§ Data for processing:
::::

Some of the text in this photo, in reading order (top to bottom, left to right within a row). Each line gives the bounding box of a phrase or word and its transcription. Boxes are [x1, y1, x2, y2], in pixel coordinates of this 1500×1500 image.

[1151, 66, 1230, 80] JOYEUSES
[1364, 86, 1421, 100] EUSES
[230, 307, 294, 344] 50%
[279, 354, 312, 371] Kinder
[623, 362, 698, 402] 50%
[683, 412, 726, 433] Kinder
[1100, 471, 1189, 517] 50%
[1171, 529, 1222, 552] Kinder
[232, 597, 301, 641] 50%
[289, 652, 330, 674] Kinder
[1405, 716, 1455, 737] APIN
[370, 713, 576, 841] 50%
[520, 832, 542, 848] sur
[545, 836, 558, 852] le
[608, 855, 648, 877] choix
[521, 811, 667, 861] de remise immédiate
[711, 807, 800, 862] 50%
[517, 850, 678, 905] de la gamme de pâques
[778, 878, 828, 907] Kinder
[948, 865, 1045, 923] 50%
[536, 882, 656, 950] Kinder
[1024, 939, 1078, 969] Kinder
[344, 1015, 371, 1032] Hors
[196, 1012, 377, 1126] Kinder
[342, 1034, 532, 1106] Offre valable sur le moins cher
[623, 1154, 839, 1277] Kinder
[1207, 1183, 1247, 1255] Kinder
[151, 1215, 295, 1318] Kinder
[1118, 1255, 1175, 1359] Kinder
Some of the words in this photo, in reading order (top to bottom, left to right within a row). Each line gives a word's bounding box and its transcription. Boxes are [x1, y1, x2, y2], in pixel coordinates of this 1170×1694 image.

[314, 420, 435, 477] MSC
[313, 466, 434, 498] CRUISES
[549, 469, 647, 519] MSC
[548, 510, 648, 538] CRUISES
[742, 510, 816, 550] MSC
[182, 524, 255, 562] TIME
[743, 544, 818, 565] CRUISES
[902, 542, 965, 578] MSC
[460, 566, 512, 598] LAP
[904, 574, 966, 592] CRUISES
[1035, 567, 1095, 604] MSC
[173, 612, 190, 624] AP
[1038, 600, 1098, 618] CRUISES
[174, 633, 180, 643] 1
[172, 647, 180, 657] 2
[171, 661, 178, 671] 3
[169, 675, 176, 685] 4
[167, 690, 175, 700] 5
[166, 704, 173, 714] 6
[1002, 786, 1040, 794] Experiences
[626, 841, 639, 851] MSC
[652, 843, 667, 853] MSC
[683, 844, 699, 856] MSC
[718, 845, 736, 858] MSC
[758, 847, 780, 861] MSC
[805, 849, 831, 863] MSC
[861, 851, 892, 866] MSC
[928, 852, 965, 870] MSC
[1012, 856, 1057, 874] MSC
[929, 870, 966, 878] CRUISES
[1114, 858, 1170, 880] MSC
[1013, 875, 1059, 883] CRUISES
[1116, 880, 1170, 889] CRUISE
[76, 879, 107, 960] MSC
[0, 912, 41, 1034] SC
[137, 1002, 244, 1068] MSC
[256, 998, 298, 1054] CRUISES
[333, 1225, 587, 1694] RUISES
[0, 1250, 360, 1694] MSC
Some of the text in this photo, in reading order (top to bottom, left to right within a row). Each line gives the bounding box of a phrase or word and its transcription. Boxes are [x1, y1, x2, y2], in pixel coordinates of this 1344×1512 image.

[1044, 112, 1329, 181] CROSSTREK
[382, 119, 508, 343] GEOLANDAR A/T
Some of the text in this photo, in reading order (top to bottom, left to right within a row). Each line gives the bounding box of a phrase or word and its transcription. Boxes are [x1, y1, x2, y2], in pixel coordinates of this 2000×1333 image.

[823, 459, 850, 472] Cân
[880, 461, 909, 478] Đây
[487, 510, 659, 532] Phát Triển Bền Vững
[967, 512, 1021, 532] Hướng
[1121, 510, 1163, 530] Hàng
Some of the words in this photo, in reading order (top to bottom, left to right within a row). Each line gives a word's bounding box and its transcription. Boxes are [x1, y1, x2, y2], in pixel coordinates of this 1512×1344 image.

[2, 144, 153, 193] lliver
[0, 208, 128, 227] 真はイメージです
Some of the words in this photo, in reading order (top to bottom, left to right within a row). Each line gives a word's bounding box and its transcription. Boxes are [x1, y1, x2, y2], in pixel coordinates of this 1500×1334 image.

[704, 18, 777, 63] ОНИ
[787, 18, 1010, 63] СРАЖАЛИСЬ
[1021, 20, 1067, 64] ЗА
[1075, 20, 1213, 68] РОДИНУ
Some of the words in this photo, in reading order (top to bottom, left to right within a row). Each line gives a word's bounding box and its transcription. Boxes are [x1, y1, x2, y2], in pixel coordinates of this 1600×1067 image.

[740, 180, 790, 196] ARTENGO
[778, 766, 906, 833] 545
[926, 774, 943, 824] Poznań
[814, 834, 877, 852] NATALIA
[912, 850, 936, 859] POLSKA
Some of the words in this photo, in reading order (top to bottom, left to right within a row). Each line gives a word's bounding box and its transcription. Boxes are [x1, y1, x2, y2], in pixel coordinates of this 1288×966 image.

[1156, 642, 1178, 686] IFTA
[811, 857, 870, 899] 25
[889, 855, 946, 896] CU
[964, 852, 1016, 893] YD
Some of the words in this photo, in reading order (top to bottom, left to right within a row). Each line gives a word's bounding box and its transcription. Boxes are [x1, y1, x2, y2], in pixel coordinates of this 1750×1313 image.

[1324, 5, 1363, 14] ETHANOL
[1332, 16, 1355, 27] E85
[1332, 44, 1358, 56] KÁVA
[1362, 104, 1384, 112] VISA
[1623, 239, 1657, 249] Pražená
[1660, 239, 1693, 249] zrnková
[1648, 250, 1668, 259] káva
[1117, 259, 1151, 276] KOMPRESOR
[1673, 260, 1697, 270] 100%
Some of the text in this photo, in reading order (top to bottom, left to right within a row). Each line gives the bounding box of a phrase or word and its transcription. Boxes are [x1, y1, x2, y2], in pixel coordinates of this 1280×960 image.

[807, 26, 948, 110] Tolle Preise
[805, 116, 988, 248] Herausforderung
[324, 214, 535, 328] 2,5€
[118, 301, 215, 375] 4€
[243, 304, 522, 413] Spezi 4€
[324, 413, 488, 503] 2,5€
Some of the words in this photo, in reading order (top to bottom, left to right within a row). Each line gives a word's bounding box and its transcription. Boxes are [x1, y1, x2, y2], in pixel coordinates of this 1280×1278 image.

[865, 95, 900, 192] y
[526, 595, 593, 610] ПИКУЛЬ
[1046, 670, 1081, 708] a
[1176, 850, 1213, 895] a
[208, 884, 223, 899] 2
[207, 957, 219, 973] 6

::::

§ Task item:
Give an exact copy of all the data shown above.

§ Answer section:
Some of the text in this photo, in reading order (top to bottom, left to right within a row). Each line gives the bounding box of a phrase or word and its transcription. Boxes are [x1, y1, x2, y2], in pixel coordinates of this 1500×1500 image.

[1151, 66, 1230, 80] JOYEUSES
[1364, 86, 1421, 100] EUSES
[230, 307, 294, 344] 50%
[279, 354, 312, 371] Kinder
[623, 362, 698, 402] 50%
[683, 412, 726, 433] Kinder
[1100, 471, 1189, 517] 50%
[1171, 529, 1222, 552] Kinder
[232, 597, 301, 641] 50%
[289, 652, 330, 674] Kinder
[1405, 716, 1455, 737] APIN
[370, 713, 576, 841] 50%
[520, 832, 542, 848] sur
[545, 836, 558, 852] le
[608, 855, 648, 877] choix
[521, 811, 667, 861] de remise immédiate
[711, 807, 800, 862] 50%
[517, 850, 678, 905] de la gamme de pâques
[778, 878, 828, 907] Kinder
[948, 865, 1045, 923] 50%
[536, 882, 656, 950] Kinder
[1024, 939, 1078, 969] Kinder
[344, 1015, 371, 1032] Hors
[196, 1012, 377, 1126] Kinder
[342, 1034, 532, 1106] Offre valable sur le moins cher
[623, 1154, 839, 1277] Kinder
[1207, 1183, 1247, 1255] Kinder
[151, 1215, 295, 1318] Kinder
[1118, 1255, 1175, 1359] Kinder
Some of the words in this photo, in reading order (top to bottom, left to right within a row). Each line gives a word's bounding box and its transcription. Boxes are [x1, y1, x2, y2], in pixel coordinates of this 1170×1694 image.

[314, 420, 435, 477] MSC
[313, 466, 434, 498] CRUISES
[549, 469, 647, 519] MSC
[548, 510, 648, 538] CRUISES
[742, 510, 816, 550] MSC
[182, 524, 255, 562] TIME
[743, 544, 818, 565] CRUISES
[902, 542, 965, 578] MSC
[460, 566, 512, 598] LAP
[904, 574, 966, 592] CRUISES
[1035, 567, 1095, 604] MSC
[173, 612, 190, 624] AP
[1038, 600, 1098, 618] CRUISES
[174, 633, 180, 643] 1
[172, 647, 180, 657] 2
[171, 661, 178, 671] 3
[169, 675, 176, 685] 4
[167, 690, 175, 700] 5
[166, 704, 173, 714] 6
[1002, 786, 1040, 794] Experiences
[626, 841, 639, 851] MSC
[652, 843, 667, 853] MSC
[683, 844, 699, 856] MSC
[718, 845, 736, 858] MSC
[758, 847, 780, 861] MSC
[805, 849, 831, 863] MSC
[861, 851, 892, 866] MSC
[928, 852, 965, 870] MSC
[1012, 856, 1057, 874] MSC
[929, 870, 966, 878] CRUISES
[1114, 858, 1170, 880] MSC
[1013, 875, 1059, 883] CRUISES
[1116, 880, 1170, 889] CRUISE
[76, 879, 107, 960] MSC
[0, 912, 41, 1034] SC
[137, 1002, 244, 1068] MSC
[256, 998, 298, 1054] CRUISES
[333, 1225, 587, 1694] RUISES
[0, 1250, 360, 1694] MSC
Some of the text in this photo, in reading order (top to bottom, left to right within a row). Each line gives the bounding box of a phrase or word and its transcription. Boxes are [x1, y1, x2, y2], in pixel coordinates of this 1344×1512 image.

[1044, 112, 1329, 181] CROSSTREK
[382, 119, 508, 343] GEOLANDAR A/T
Some of the text in this photo, in reading order (top to bottom, left to right within a row). Each line gives the bounding box of a phrase or word and its transcription. Boxes are [x1, y1, x2, y2], in pixel coordinates of this 2000×1333 image.

[823, 459, 850, 472] Cân
[880, 461, 909, 478] Đây
[487, 510, 659, 532] Phát Triển Bền Vững
[967, 512, 1021, 532] Hướng
[1121, 510, 1163, 530] Hàng
Some of the words in this photo, in reading order (top to bottom, left to right within a row). Each line gives a word's bounding box and its transcription. Boxes are [x1, y1, x2, y2], in pixel coordinates of this 1512×1344 image.

[2, 144, 153, 193] lliver
[0, 208, 128, 227] 真はイメージです
Some of the words in this photo, in reading order (top to bottom, left to right within a row). Each line gives a word's bounding box and its transcription. Boxes are [x1, y1, x2, y2], in pixel coordinates of this 1500×1334 image.

[704, 18, 777, 63] ОНИ
[787, 18, 1010, 63] СРАЖАЛИСЬ
[1021, 20, 1067, 64] ЗА
[1075, 20, 1213, 68] РОДИНУ
Some of the words in this photo, in reading order (top to bottom, left to right within a row). Each line gives a word's bounding box and its transcription. Boxes are [x1, y1, x2, y2], in pixel coordinates of this 1600×1067 image.

[740, 180, 790, 196] ARTENGO
[778, 766, 906, 833] 545
[926, 774, 943, 824] Poznań
[814, 834, 877, 852] NATALIA
[912, 850, 936, 859] POLSKA
Some of the words in this photo, in reading order (top to bottom, left to right within a row). Each line gives a word's bounding box and its transcription. Boxes are [x1, y1, x2, y2], in pixel coordinates of this 1288×966 image.

[1156, 642, 1178, 686] IFTA
[811, 857, 870, 899] 25
[889, 855, 946, 896] CU
[964, 852, 1016, 893] YD
Some of the words in this photo, in reading order (top to bottom, left to right within a row). Each line gives a word's bounding box and its transcription. Boxes are [x1, y1, x2, y2], in pixel coordinates of this 1750×1313 image.

[1324, 5, 1363, 14] ETHANOL
[1332, 16, 1355, 27] E85
[1332, 44, 1358, 56] KÁVA
[1362, 104, 1384, 112] VISA
[1623, 239, 1657, 249] Pražená
[1660, 239, 1693, 249] zrnková
[1648, 250, 1668, 259] káva
[1117, 259, 1151, 276] KOMPRESOR
[1673, 260, 1697, 270] 100%
Some of the text in this photo, in reading order (top to bottom, left to right within a row). Each line gives the bounding box of a phrase or word and its transcription. Boxes are [x1, y1, x2, y2], in pixel coordinates of this 1280×960 image.

[807, 26, 948, 110] Tolle Preise
[805, 116, 988, 248] Herausforderung
[324, 214, 535, 328] 2,5€
[118, 301, 215, 375] 4€
[243, 304, 522, 413] Spezi 4€
[324, 413, 488, 503] 2,5€
Some of the words in this photo, in reading order (top to bottom, left to right within a row). Each line gives a word's bounding box and its transcription. Boxes are [x1, y1, x2, y2], in pixel coordinates of this 1280×1278 image.

[865, 95, 900, 192] y
[526, 595, 593, 610] ПИКУЛЬ
[1046, 670, 1081, 708] a
[1176, 850, 1213, 895] a
[208, 884, 223, 899] 2
[207, 957, 219, 973] 6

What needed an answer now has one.